→ TO DO
Produce a word-for-word copy of the data that follows, excluding images.
——
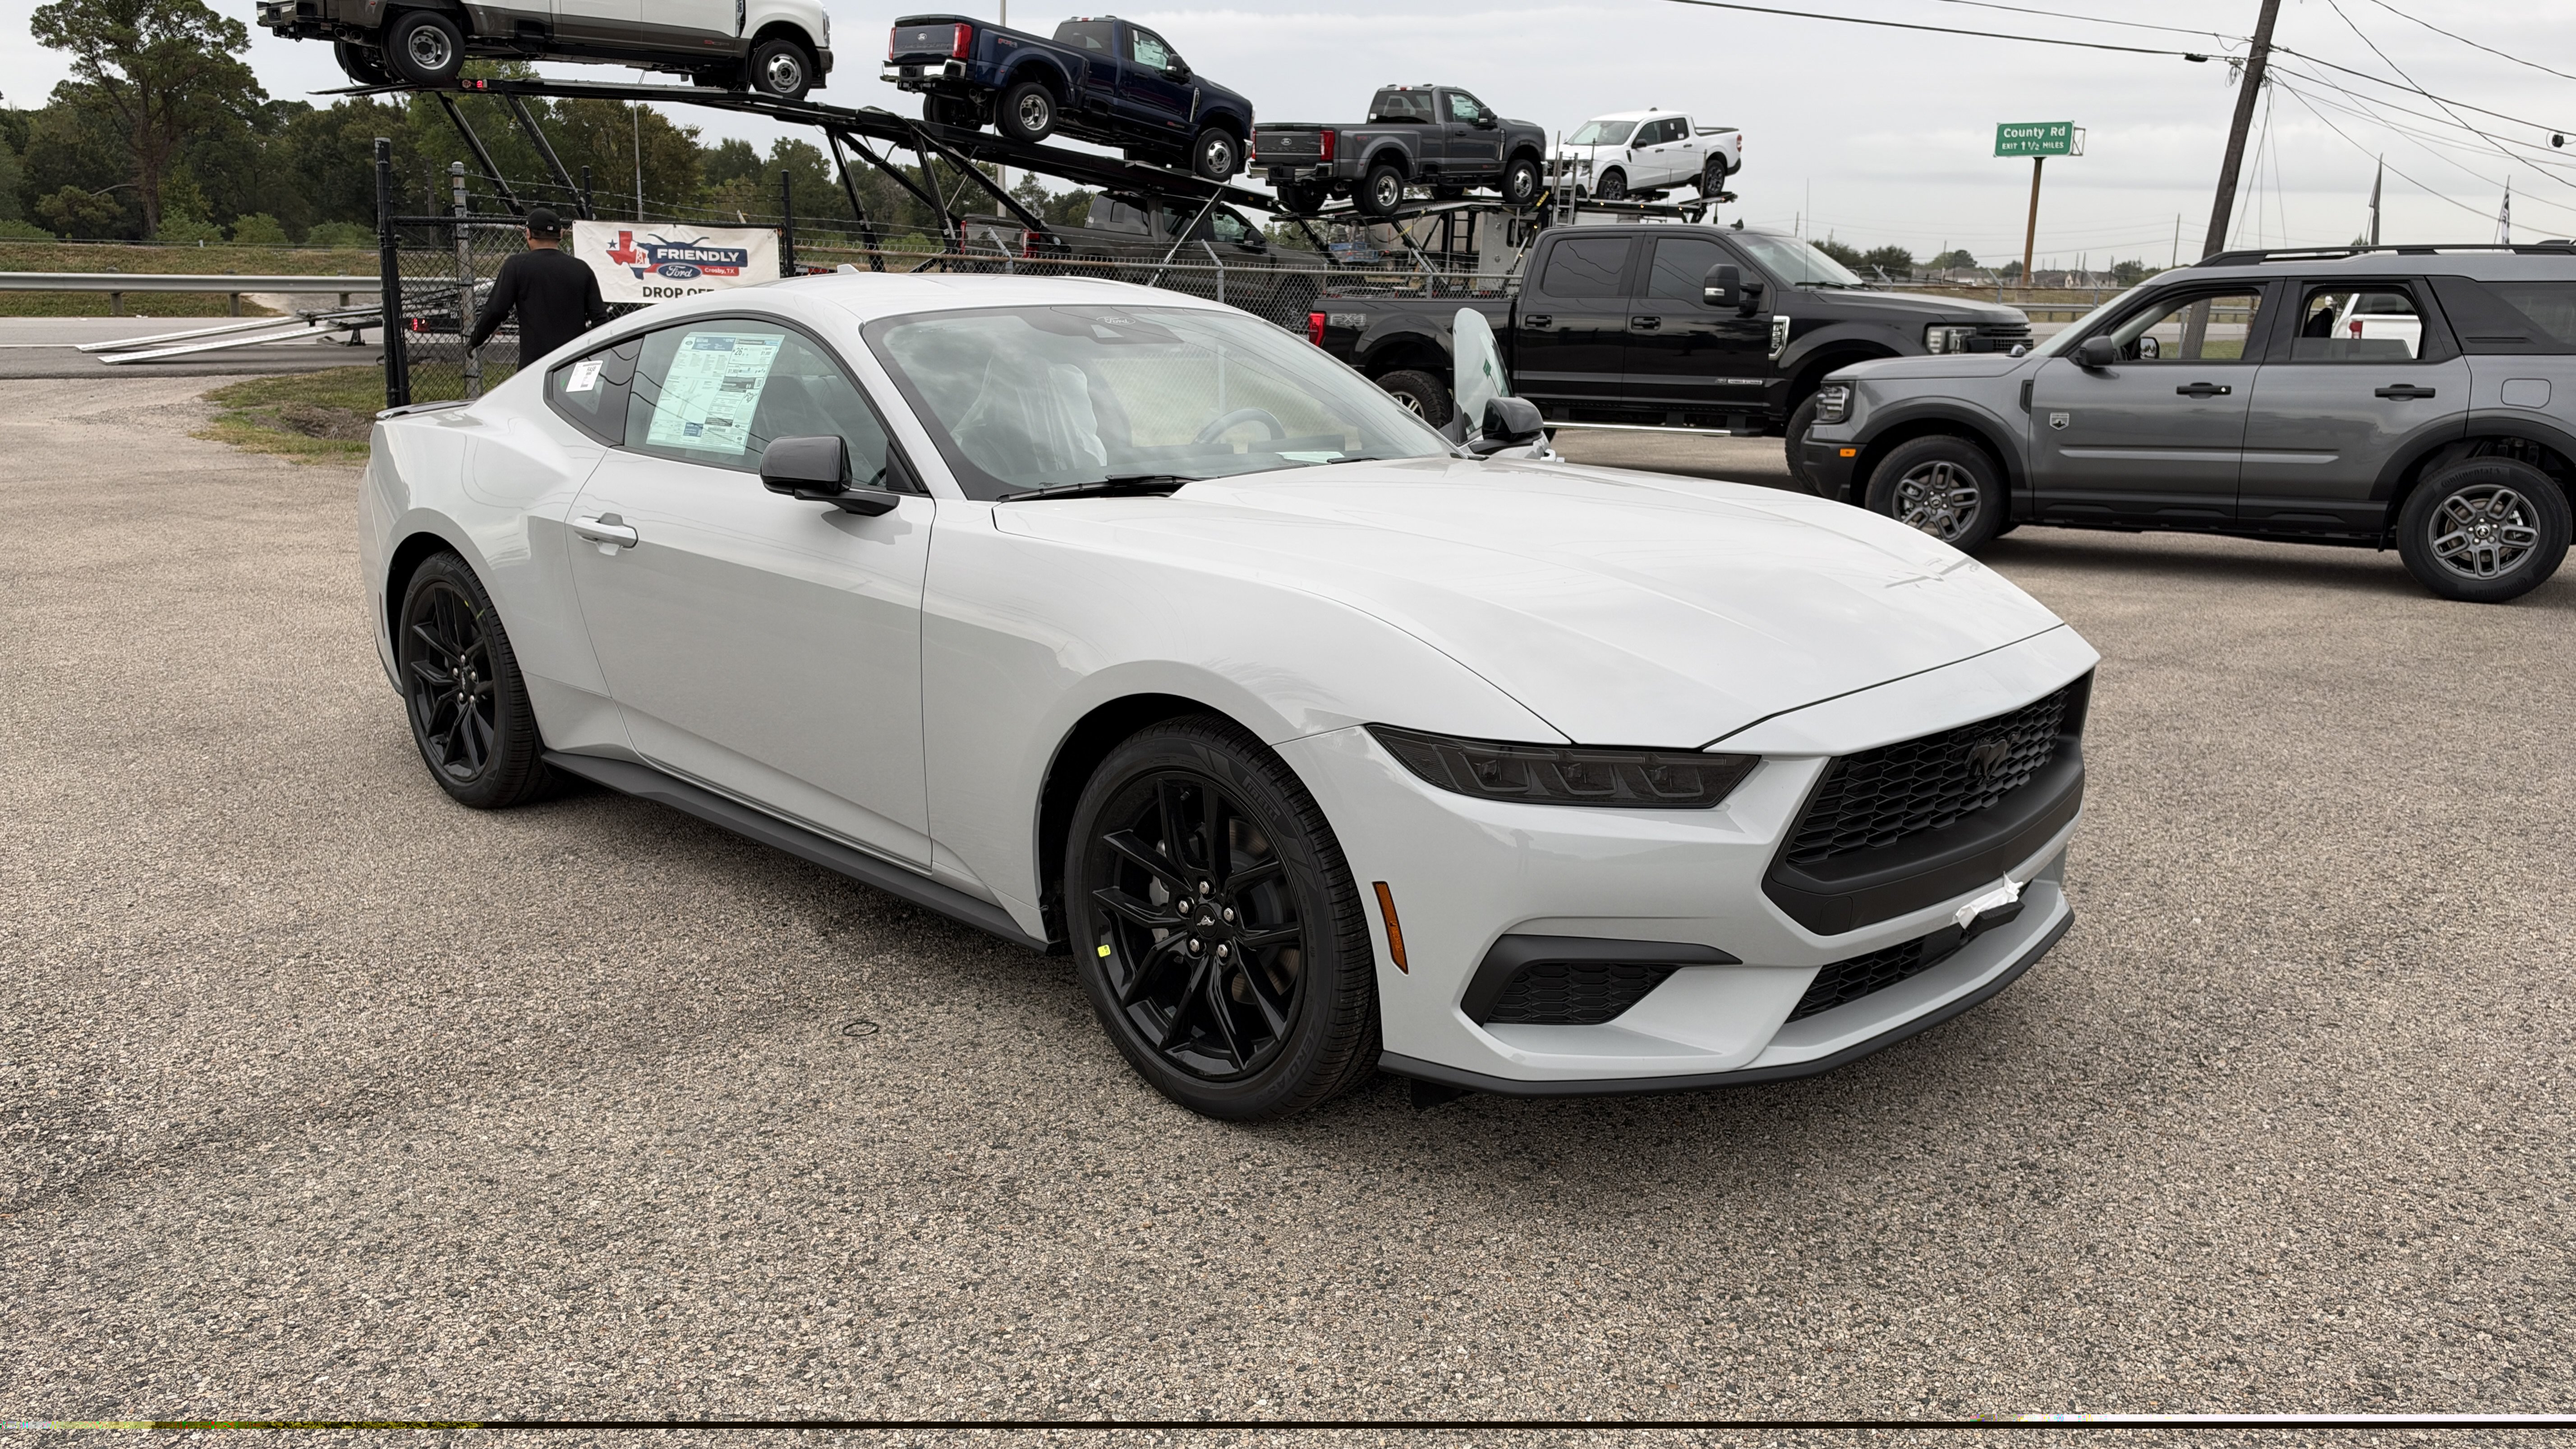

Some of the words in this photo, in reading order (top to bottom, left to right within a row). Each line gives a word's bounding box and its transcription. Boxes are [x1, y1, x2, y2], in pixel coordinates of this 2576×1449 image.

[2004, 127, 2044, 139] County
[2050, 126, 2065, 136] Rd
[657, 248, 739, 262] FRIENDLY
[666, 265, 693, 277] Ford
[643, 286, 683, 299] DROP
[1329, 313, 1366, 327] FX4
[734, 347, 744, 355] 26
[1242, 775, 1281, 821] PIRELLI
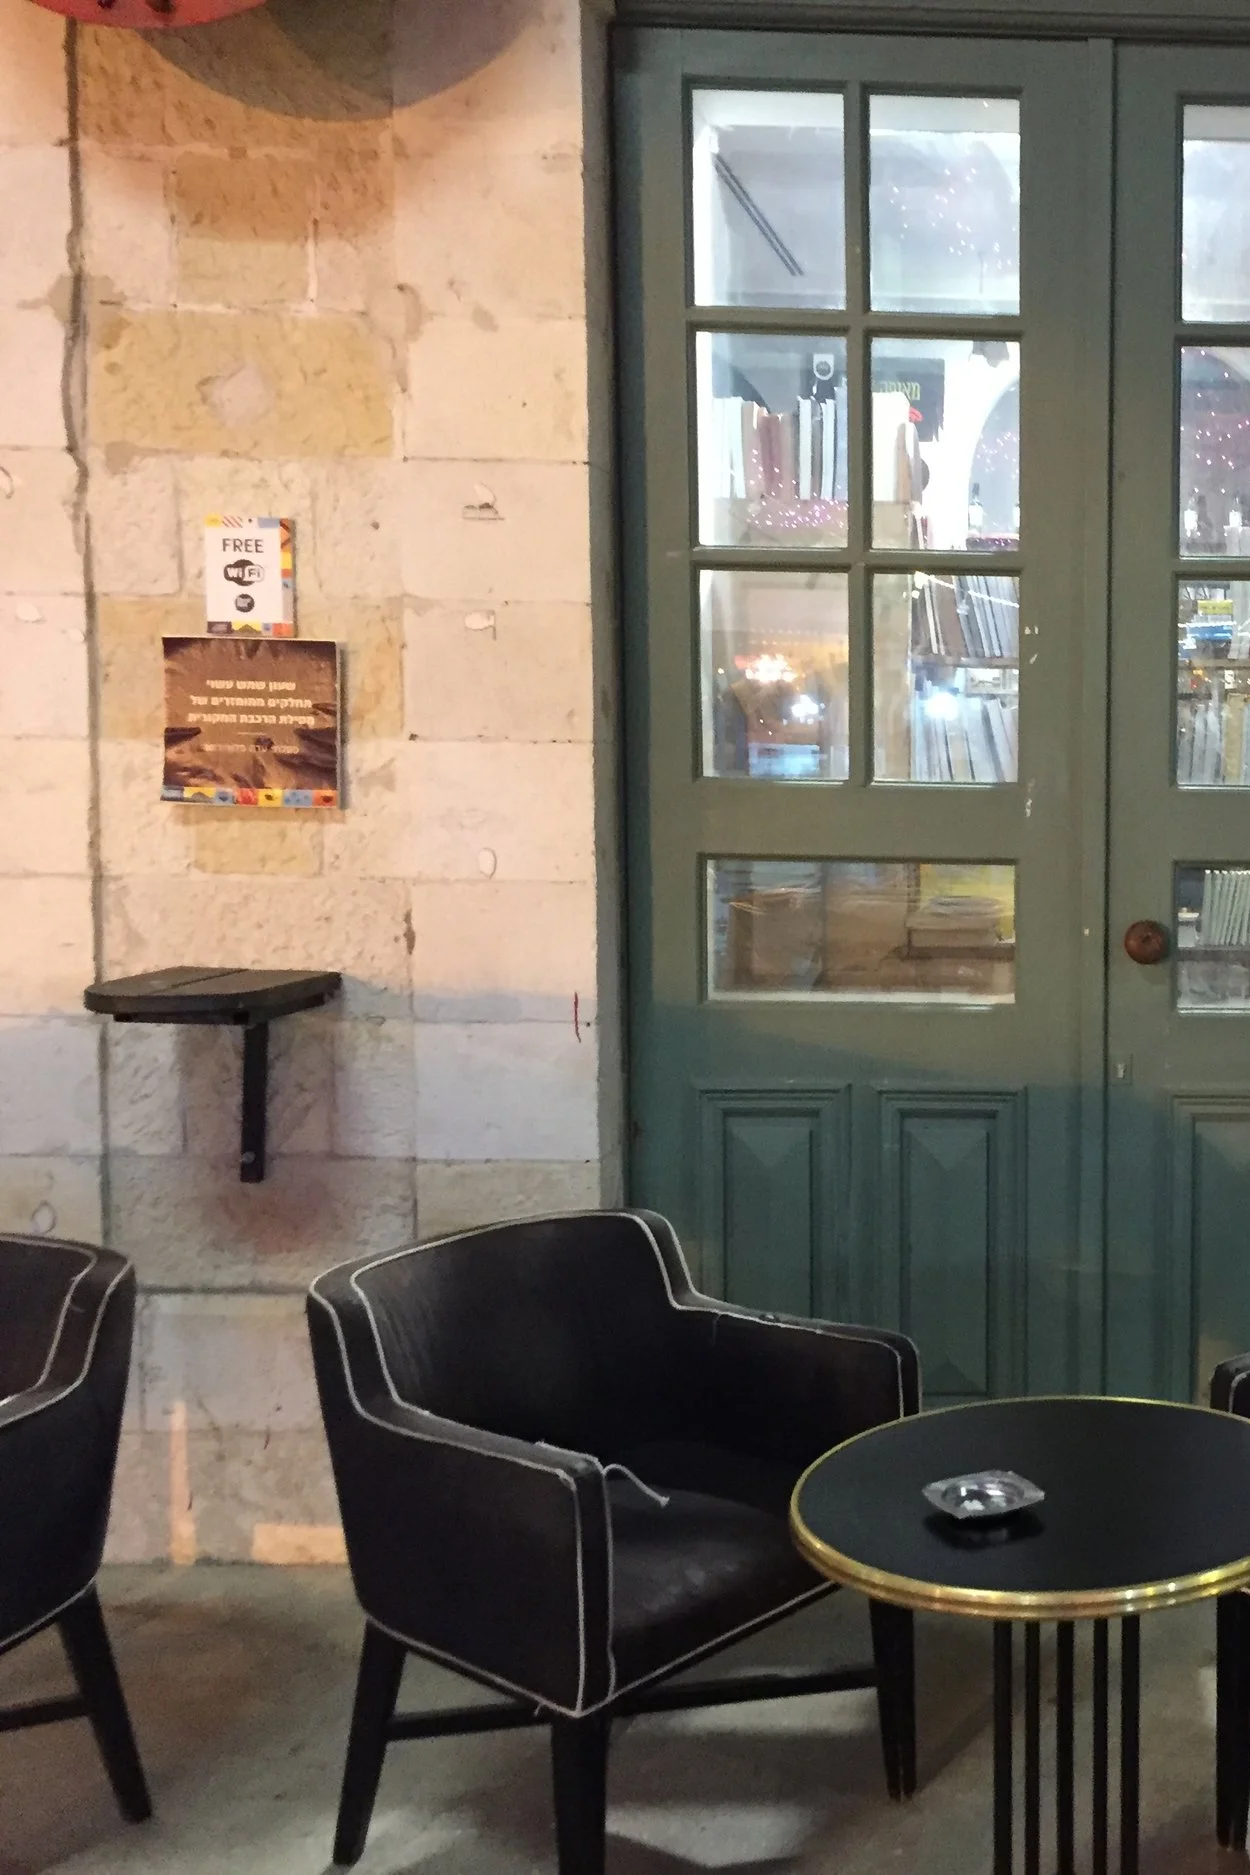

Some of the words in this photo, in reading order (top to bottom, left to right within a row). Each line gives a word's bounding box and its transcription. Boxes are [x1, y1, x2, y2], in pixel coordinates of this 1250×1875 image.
——
→ EXPECTED ANSWER
Some of the words in this photo, in reading order (top to bottom, left to right within a row). Each line gives a word's bounding box and its transcription. Boxes are [x1, y1, x2, y2], in pixel coordinates of this 2576×1449 image.

[2004, 127, 2044, 139] County
[2050, 126, 2065, 136] Rd
[657, 248, 739, 262] FRIENDLY
[666, 265, 693, 277] Ford
[643, 286, 683, 299] DROP
[1329, 313, 1366, 327] FX4
[734, 347, 744, 355] 26
[1242, 775, 1281, 821] PIRELLI

Some of the words in this photo, in reading order (top to bottom, left to right within a row). Each line gives a word's bounding box and its transcription. Boxes are [x1, y1, x2, y2], in pixel coordinates of this 1250×1875 image.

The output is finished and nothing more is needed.